Tornadoes strike hard, and they strike fast. If you’ve lived in Oklahoma for any length of time, you know that tornado season can put fear into even the, strongest of hearts. So, your safest bet is to prepare your home before tornado season comes rolling down the plains. But how exactly can you do that?
Follow these six tips to prepare your home for tornado season.
1. Batten down the hatches – Door and window frames can loosen over time. High winds alone can whip doors and windows open, breaking them completely. Make sure the frames are secure, if not, then resealing, tightening or replacing screws is a good bet. If your windows and doors are broken, warped or weak, consider replacing them.
2. Watch out for flying missiles – Patio chairs and tables are great for relaxing outdoors, but they can also become zooming projectiles in a storm. Not only does this pose a risk for you, but for your home as well. Heavy patio furniture can crash through windows, doors and even walls. Before they become a danger, bolt them to your patio slab or brick. This will also prevent them from landing in your neighbor’s yard, two miles away.
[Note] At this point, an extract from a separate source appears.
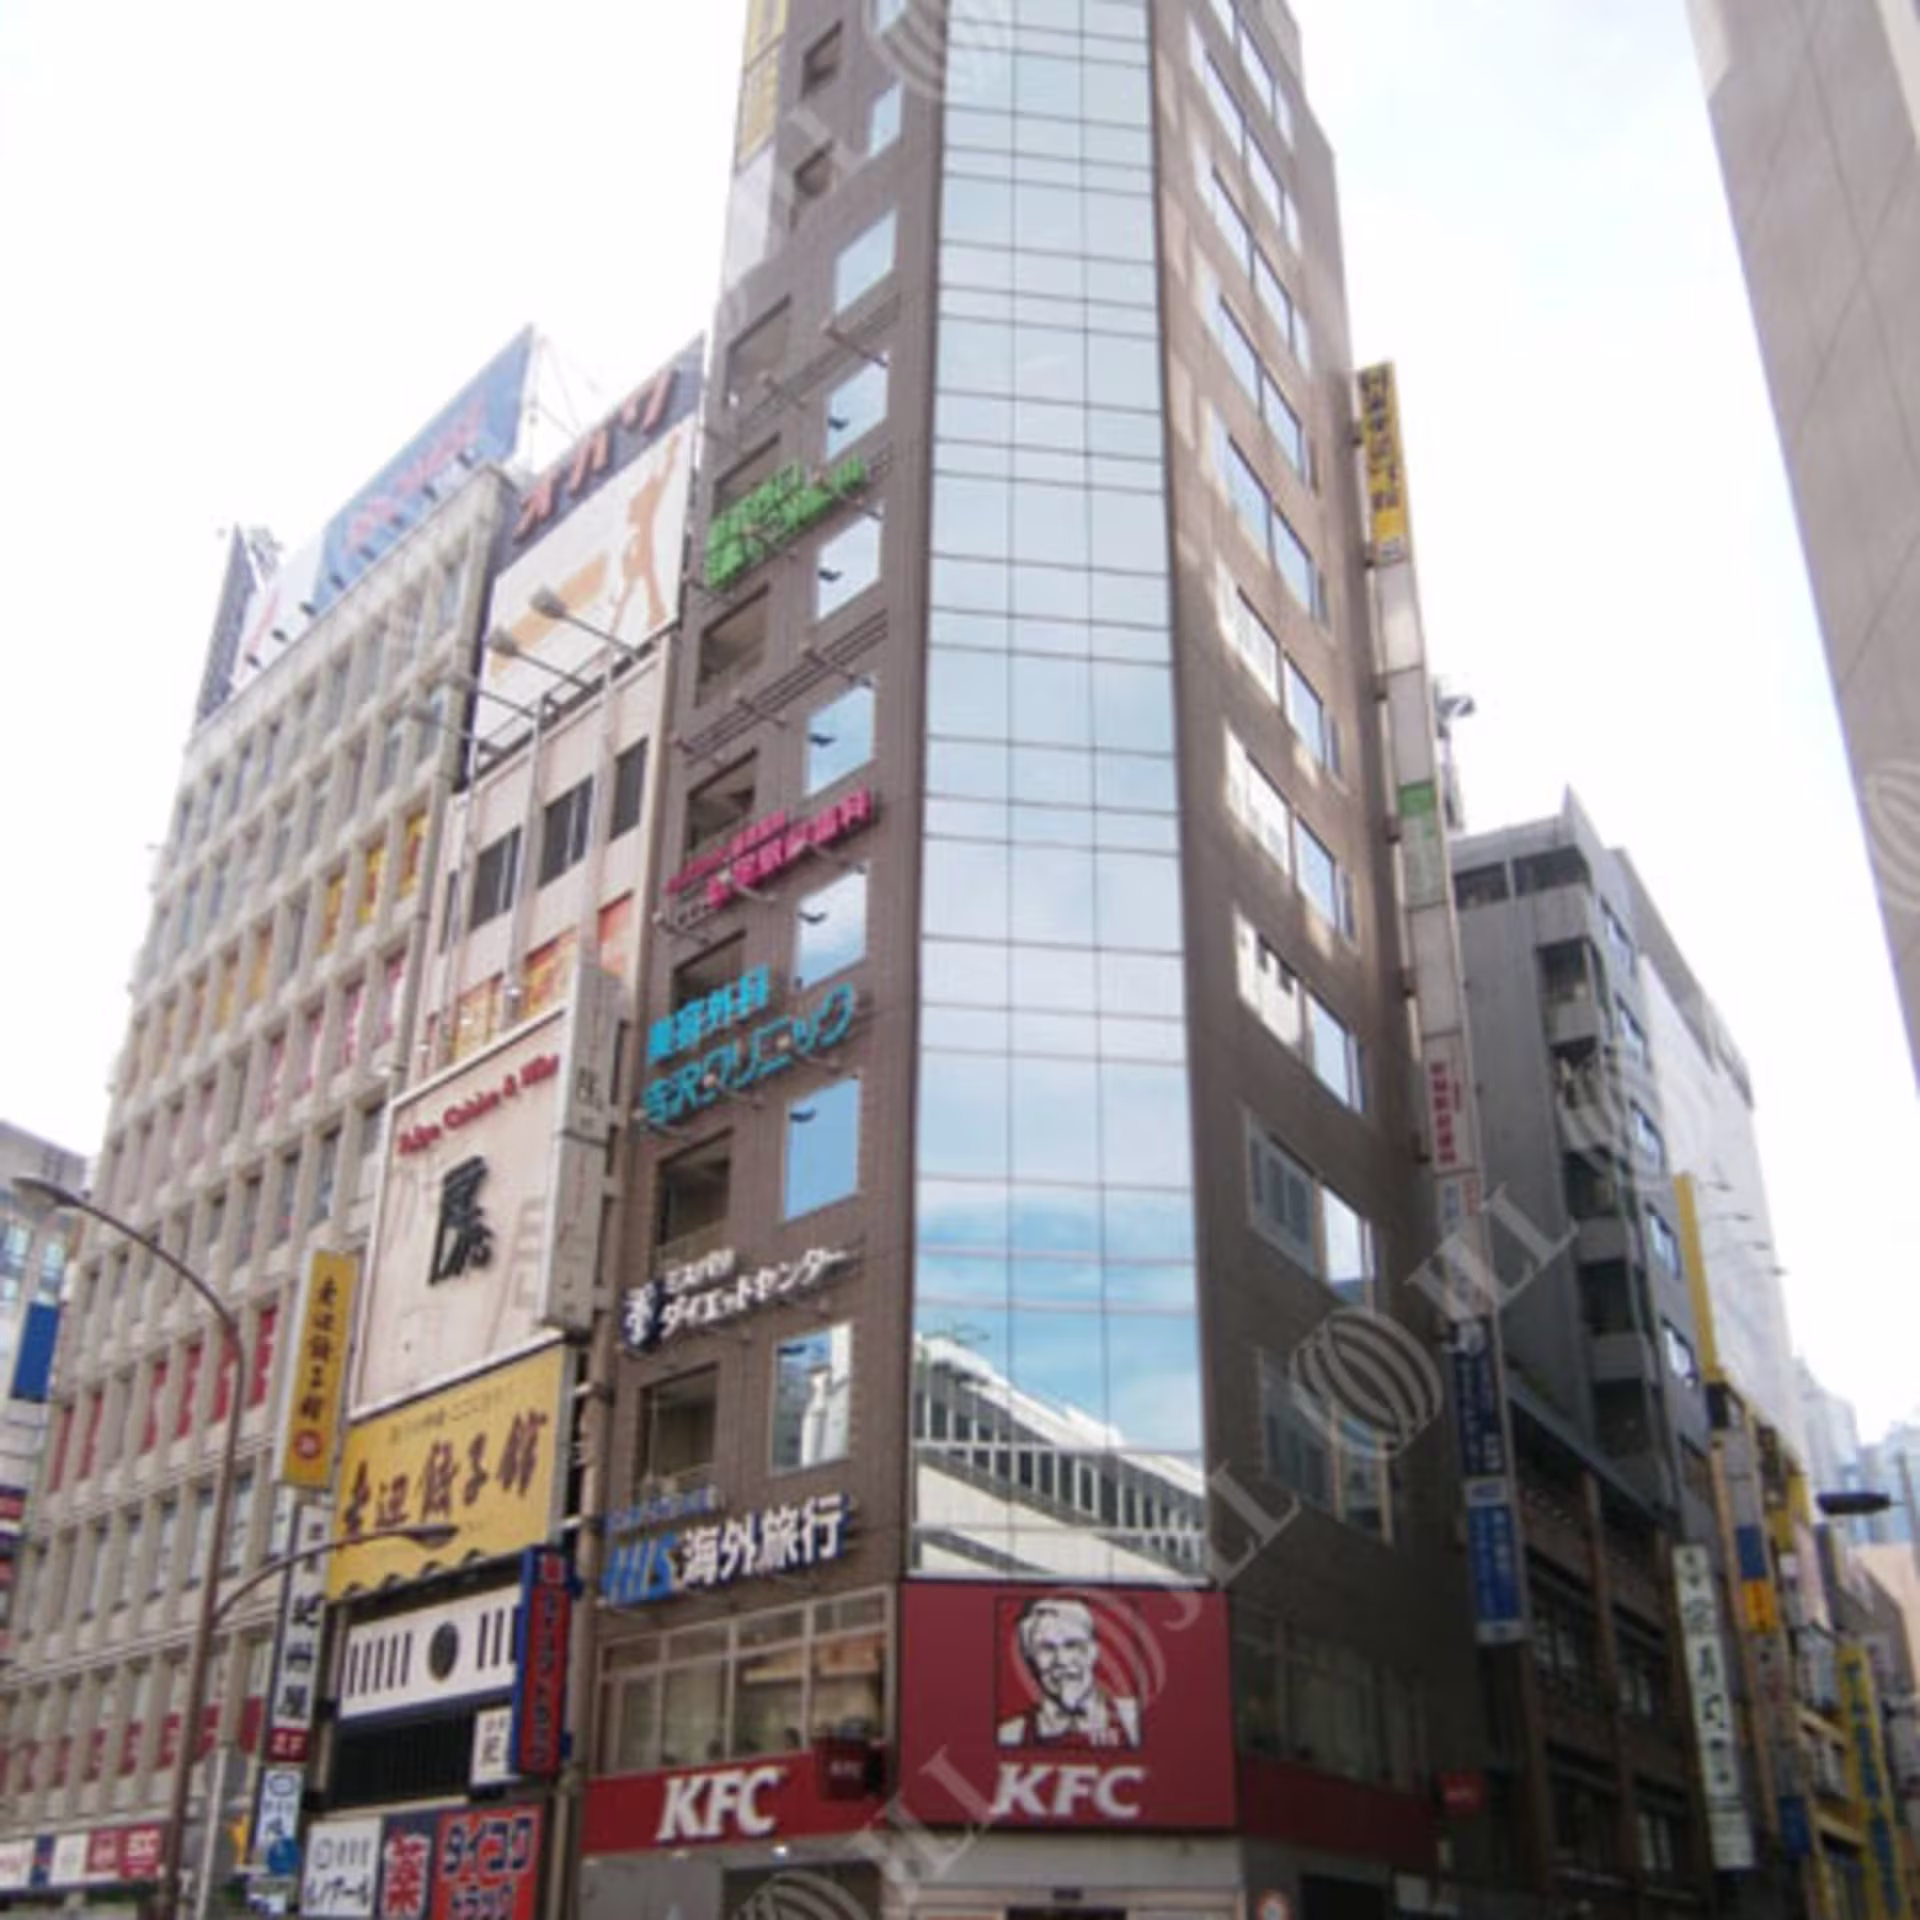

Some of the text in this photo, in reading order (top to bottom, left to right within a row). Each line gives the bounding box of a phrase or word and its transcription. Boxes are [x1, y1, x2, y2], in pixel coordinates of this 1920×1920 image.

[681, 1491, 846, 1587] 海外旅行
[655, 1764, 786, 1843] KFC
[988, 1763, 1146, 1820] KFC
3. Clear away the extra – Potted plants are heavy, and can fly through windows during a storm. If you know that a storm is approaching, put heavy pots, garden tools, etc. in your garage until the storm passes. Walls can withstand quite a bit – windows, not so much. Anything that can fly through a window is a danger to you and your family.
4. Evaluate and strengthen – If you have additional structures on your property, such as storage buildings, decks, or pergolas, give them a close inspection. If they are structurally sound, then you are good. But if they are unstable in any way, consider repairing them and adding additional strength. Even weak fences can become a hazard in a tornado, so repairing them beforehand will not only help them withstand the high winds, but also keep them from flying into your home. If a structure is especially weak, consider tearing it down. New fences with metal posts can withstand a storm much better then an older fence with weak wooden posts.
5. Doctor your trees – Weak trees are the first thing to go in a violent storm. Have you seen pictures of splintered trees impaling homes after a tornado? It’s not pretty. Fortunately, pruning your trees is an easy fix. If you do it before tornado season. Check for weak or breaking branches and cut them off. Also, get rid of any dead branches that are lying on the ground. A good strong tree can withstand high winds, but weak ones cannot.
6. Perform a storm shelter checkup – If you have a storm shelter (kudos if you do!), perform a quick reliability check. Newer shelters should be good to go, since they are tested and rated for safety, but older shelters should be carefully inspected. Especially, if they are outdoor shelters. Inspect them for possible cracks, or areas where water could seep in. Also, reinforce the hatch and make sure it still latches and unlatches properly. Clear out any insects that have called it home during the winter and make sure you have a safety kit on hand. If you don’t have a storm shelter, consider having one installed immediately. Storm shelters have become extremely affordable, and are your best bet to survive a tornado. Nothing beats a storm shelter for safety. Nothing.
Preparing your home for a tornado is key to minimal damage for you and your home.
While tornado season has gotten a bad rap (for good reason), it doesn’t mean that your family and your home can’t survive intact. Prepping ahead of time can be done with minimal expense and time. Spending a weekend or two battening down your property is well worth it – for your family’s lives, and for your home as well.